--- Work order ---
Leave no picture in, and give every entry again exactly.

Stored data entries:
[Start of section]
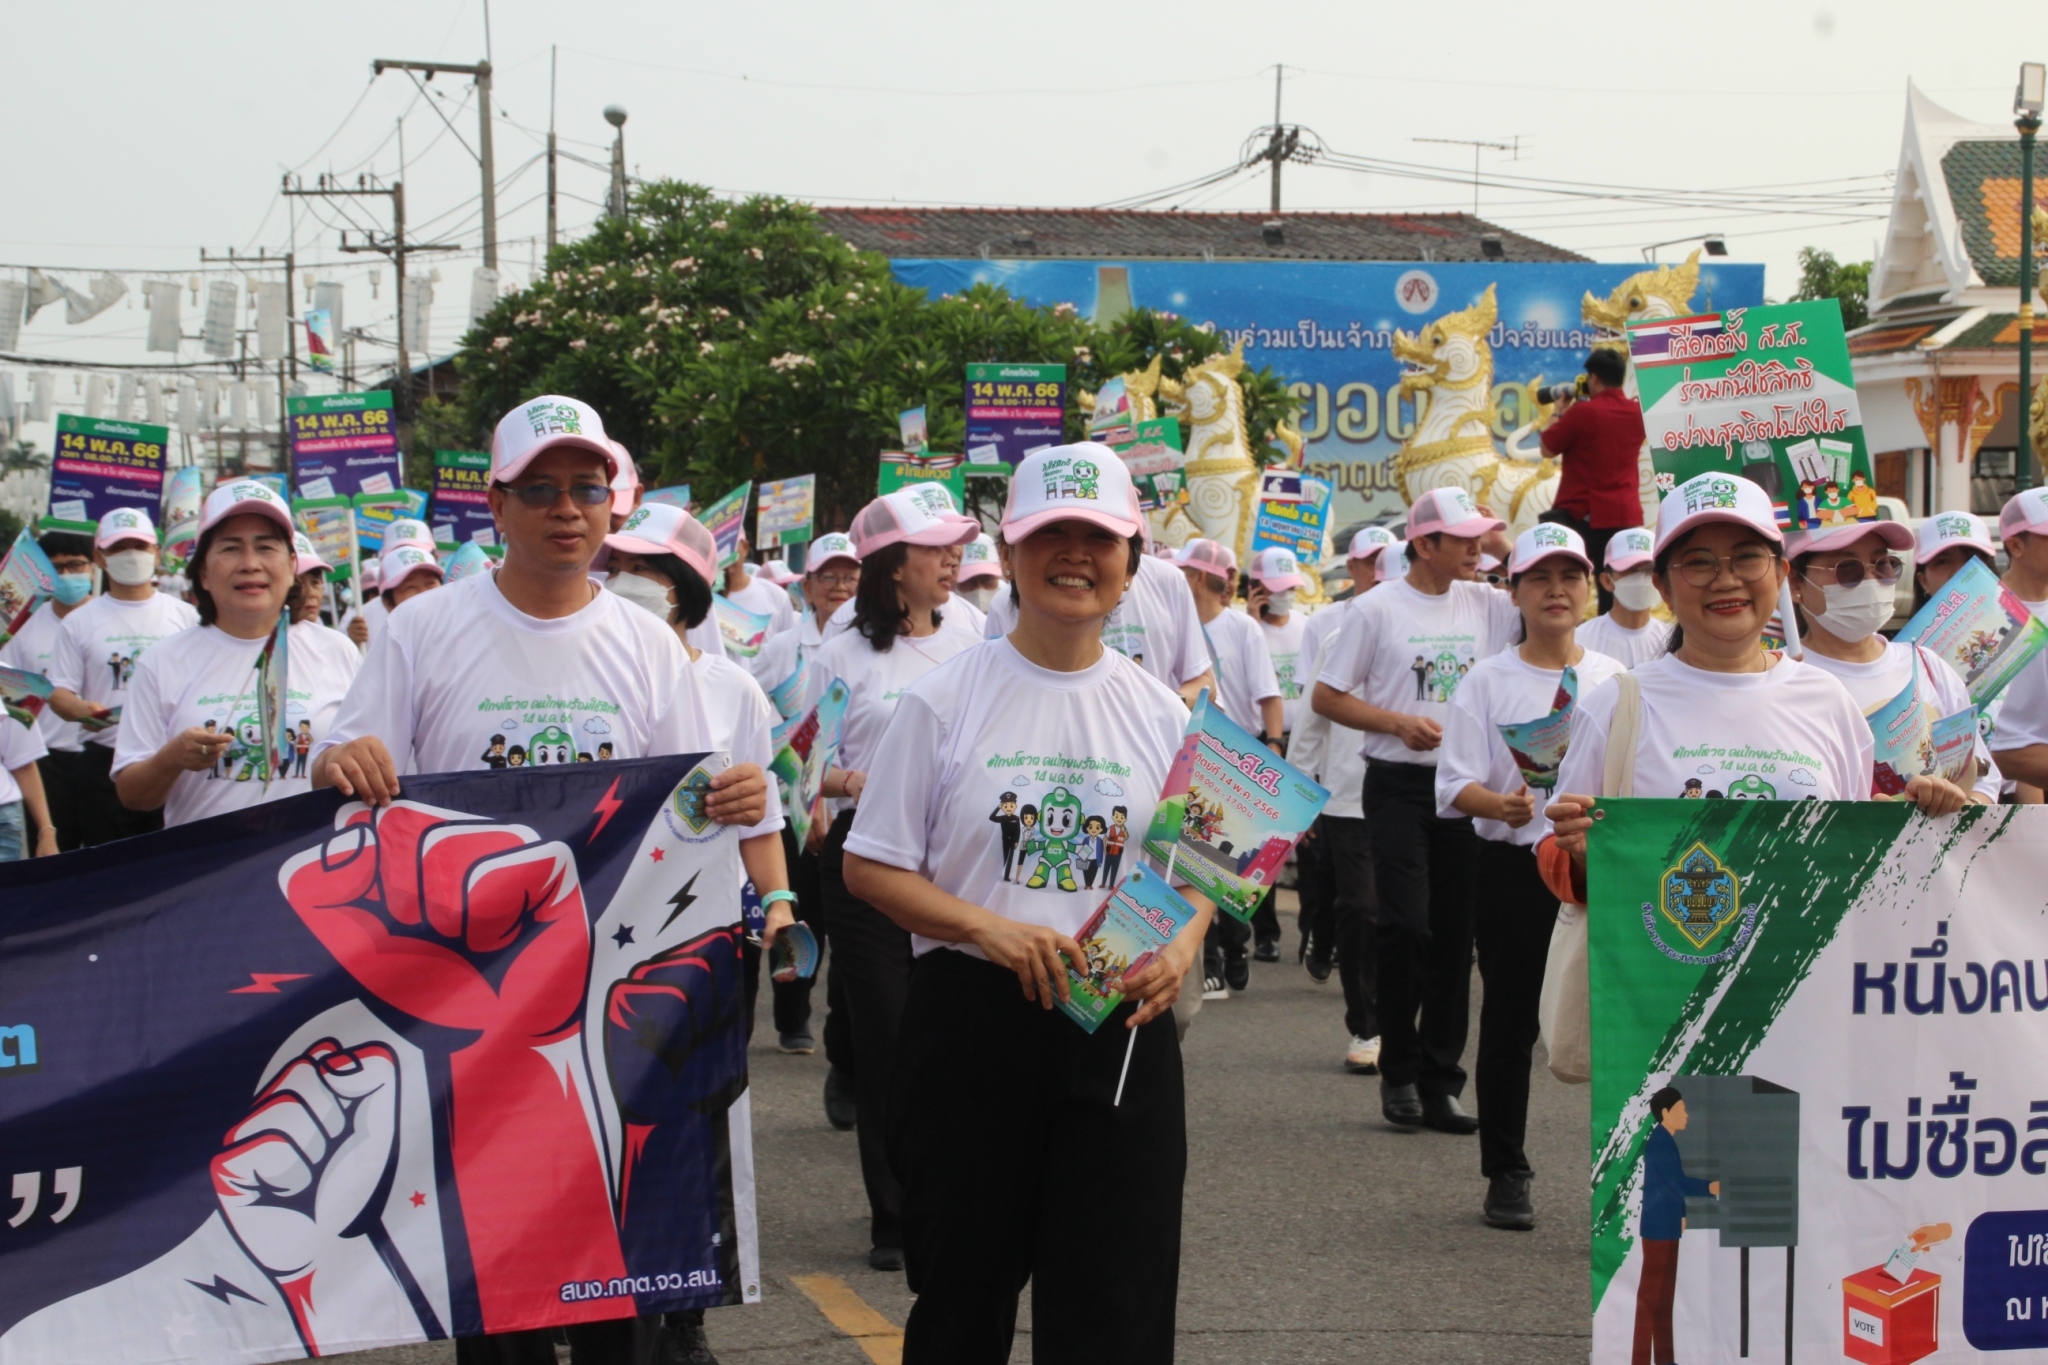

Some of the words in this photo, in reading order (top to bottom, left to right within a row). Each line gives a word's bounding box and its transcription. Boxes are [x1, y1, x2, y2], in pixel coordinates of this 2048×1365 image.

[1668, 308, 1748, 359] เลือกตั้ง
[1758, 322, 1807, 350] ส.ส.
[1679, 358, 1813, 403] ร่วมกันใช้สิทธิ
[972, 382, 994, 397] 14
[997, 384, 1032, 397] พ.ค.
[1035, 383, 1059, 398] 66
[295, 414, 320, 430] 14
[321, 413, 361, 428] พ.ค.
[362, 409, 389, 426] 66
[1662, 397, 1848, 460] อย่างสุจริตโปร่งใส
[61, 433, 86, 450] 14
[90, 438, 130, 456] พ.ค.
[132, 442, 160, 459] 66
[438, 466, 454, 480] 14
[478, 694, 528, 712] #ไทยโหวต
[522, 713, 535, 724] 14
[537, 713, 558, 724] พ.ค.
[559, 712, 574, 724] 66
[1672, 743, 1726, 760] #ไทยโหวต
[986, 750, 1039, 769] #ไทยโหวต
[1042, 752, 1132, 778] คนไทยพร้อมใช้สิทธิ
[1719, 757, 1733, 770] 14
[1735, 761, 1758, 773] พ.ค.
[1760, 761, 1776, 774] 66
[1034, 769, 1047, 783] 14
[1049, 772, 1066, 785] พ.ค.
[1068, 771, 1084, 786] 66
[1219, 771, 1233, 786] 14
[1232, 780, 1252, 802] พ.ค.
[1252, 798, 1281, 821] 2566
[1047, 847, 1063, 856] ECT
[560, 1269, 723, 1302] สนง.กกต.จว.สน.
[1854, 1318, 1876, 1335] VOTE
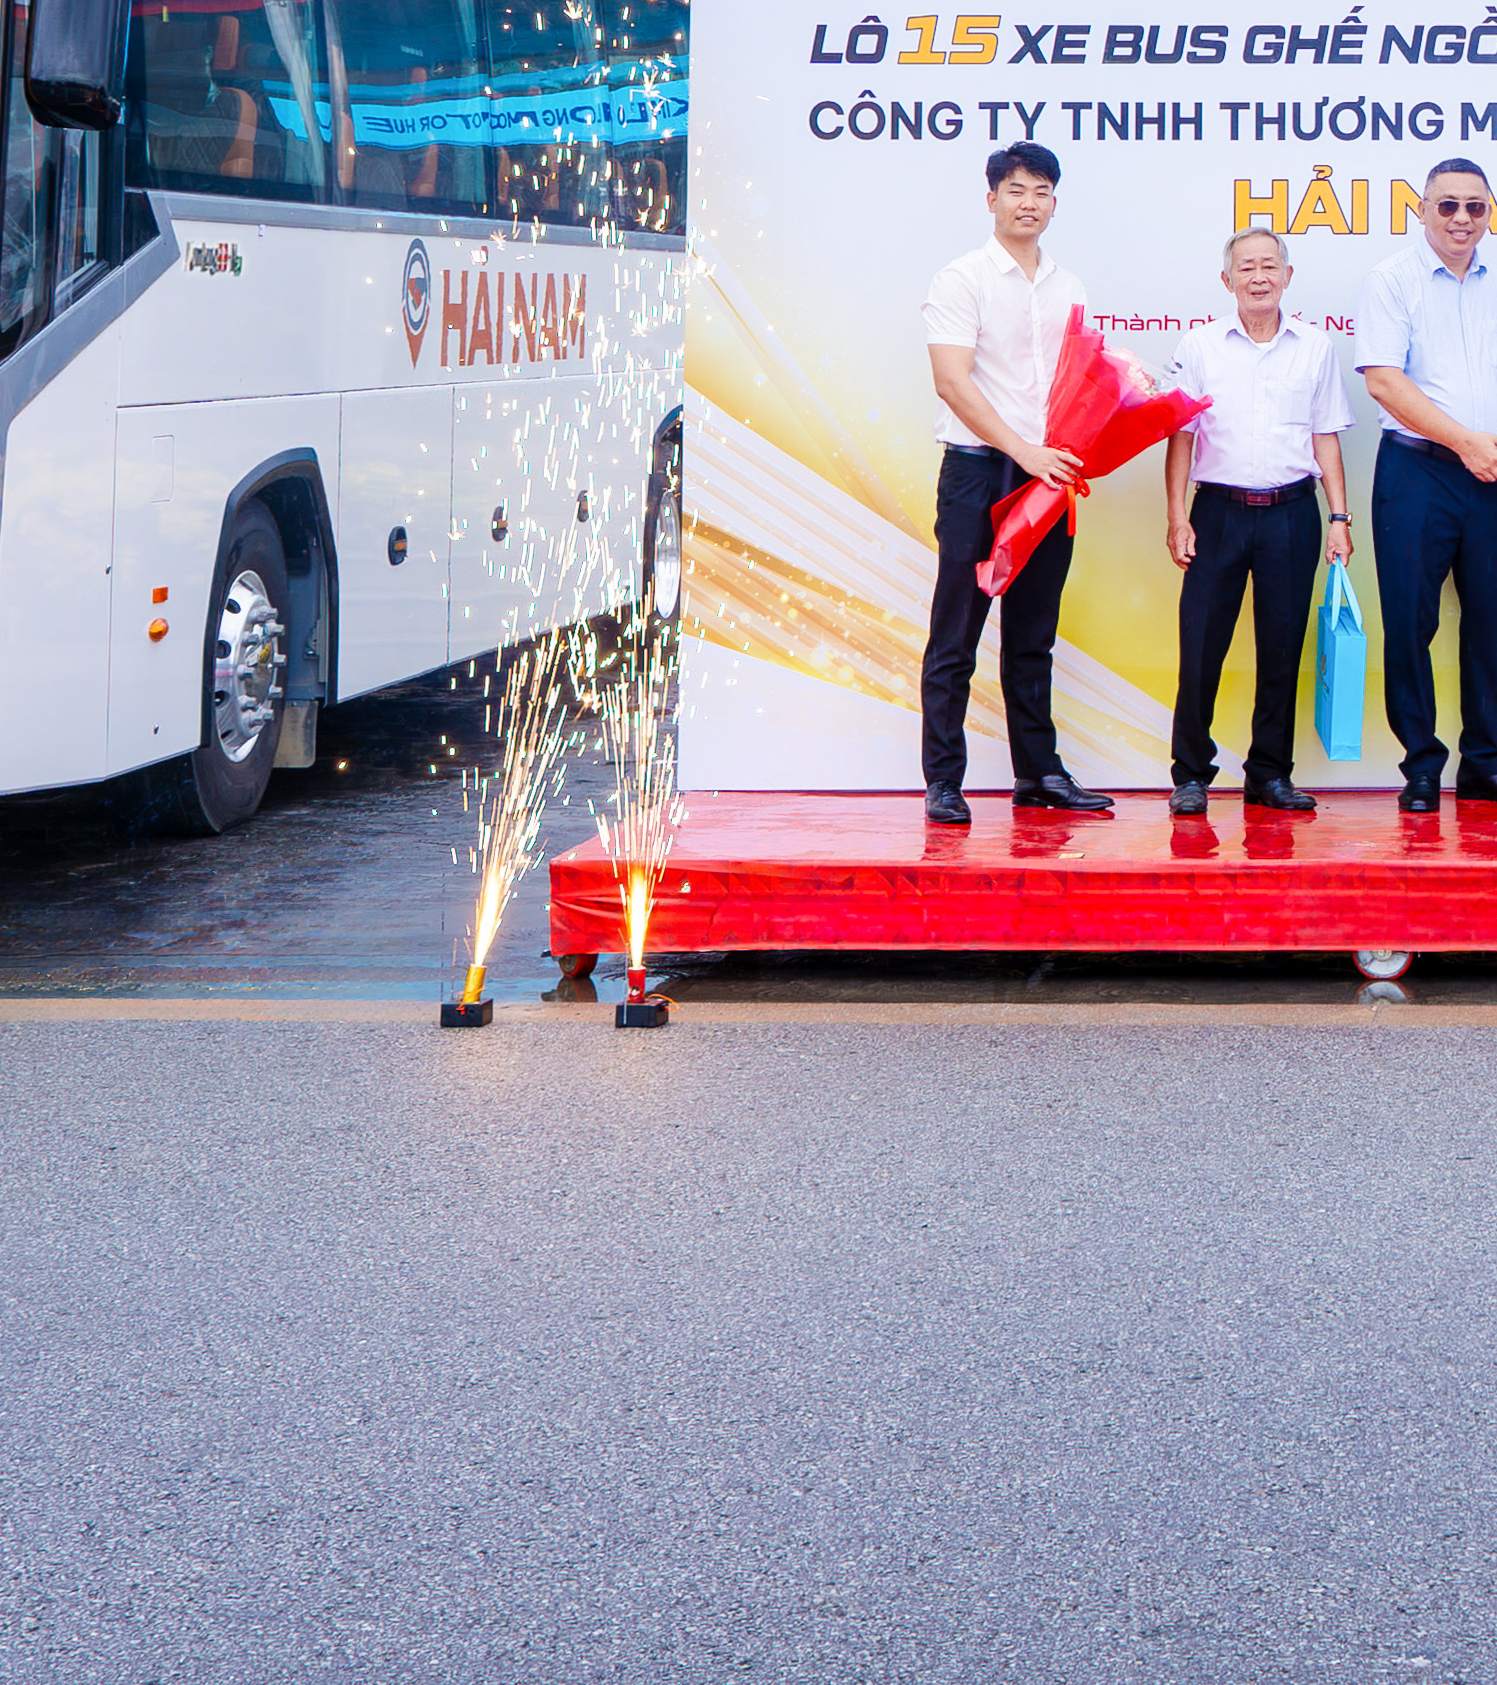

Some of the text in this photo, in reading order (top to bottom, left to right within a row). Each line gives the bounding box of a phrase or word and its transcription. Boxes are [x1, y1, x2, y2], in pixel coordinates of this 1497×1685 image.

[809, 16, 890, 64] LÔ
[897, 14, 1002, 65] 15
[1007, 24, 1091, 64] XE
[1102, 24, 1227, 64] BUS
[1242, 5, 1367, 64] GHẾ
[808, 90, 964, 142] CÔNG
[978, 101, 1047, 141] TY
[1062, 101, 1203, 141] TNHH
[1219, 95, 1445, 142] THƯƠNG
[1233, 165, 1369, 235] HẢI
[511, 272, 587, 364] NAM
[1093, 313, 1181, 331] Thành
[End of section]
--- Solution to this problem ---
Some of the words in this photo, in reading order (top to bottom, left to right within a row). Each line gives a word's bounding box and its transcription. Boxes are [x1, y1, x2, y2], in pixel coordinates of this 2048×1365 image.

[1668, 308, 1748, 359] เลือกตั้ง
[1758, 322, 1807, 350] ส.ส.
[1679, 358, 1813, 403] ร่วมกันใช้สิทธิ
[972, 382, 994, 397] 14
[997, 384, 1032, 397] พ.ค.
[1035, 383, 1059, 398] 66
[295, 414, 320, 430] 14
[321, 413, 361, 428] พ.ค.
[362, 409, 389, 426] 66
[1662, 397, 1848, 460] อย่างสุจริตโปร่งใส
[61, 433, 86, 450] 14
[90, 438, 130, 456] พ.ค.
[132, 442, 160, 459] 66
[438, 466, 454, 480] 14
[478, 694, 528, 712] #ไทยโหวต
[522, 713, 535, 724] 14
[537, 713, 558, 724] พ.ค.
[559, 712, 574, 724] 66
[1672, 743, 1726, 760] #ไทยโหวต
[986, 750, 1039, 769] #ไทยโหวต
[1042, 752, 1132, 778] คนไทยพร้อมใช้สิทธิ
[1719, 757, 1733, 770] 14
[1735, 761, 1758, 773] พ.ค.
[1760, 761, 1776, 774] 66
[1034, 769, 1047, 783] 14
[1049, 772, 1066, 785] พ.ค.
[1068, 771, 1084, 786] 66
[1219, 771, 1233, 786] 14
[1232, 780, 1252, 802] พ.ค.
[1252, 798, 1281, 821] 2566
[1047, 847, 1063, 856] ECT
[560, 1269, 723, 1302] สนง.กกต.จว.สน.
[1854, 1318, 1876, 1335] VOTE

Some of the text in this photo, in reading order (top to bottom, left to right within a row). Each line gives the bounding box of a phrase or word and its transcription. Boxes are [x1, y1, x2, y2], in pixel coordinates of this 1497×1685 image.

[809, 16, 890, 64] LÔ
[897, 14, 1002, 65] 15
[1007, 24, 1091, 64] XE
[1102, 24, 1227, 64] BUS
[1242, 5, 1367, 64] GHẾ
[808, 90, 964, 142] CÔNG
[978, 101, 1047, 141] TY
[1062, 101, 1203, 141] TNHH
[1219, 95, 1445, 142] THƯƠNG
[1233, 165, 1369, 235] HẢI
[511, 272, 587, 364] NAM
[1093, 313, 1181, 331] Thành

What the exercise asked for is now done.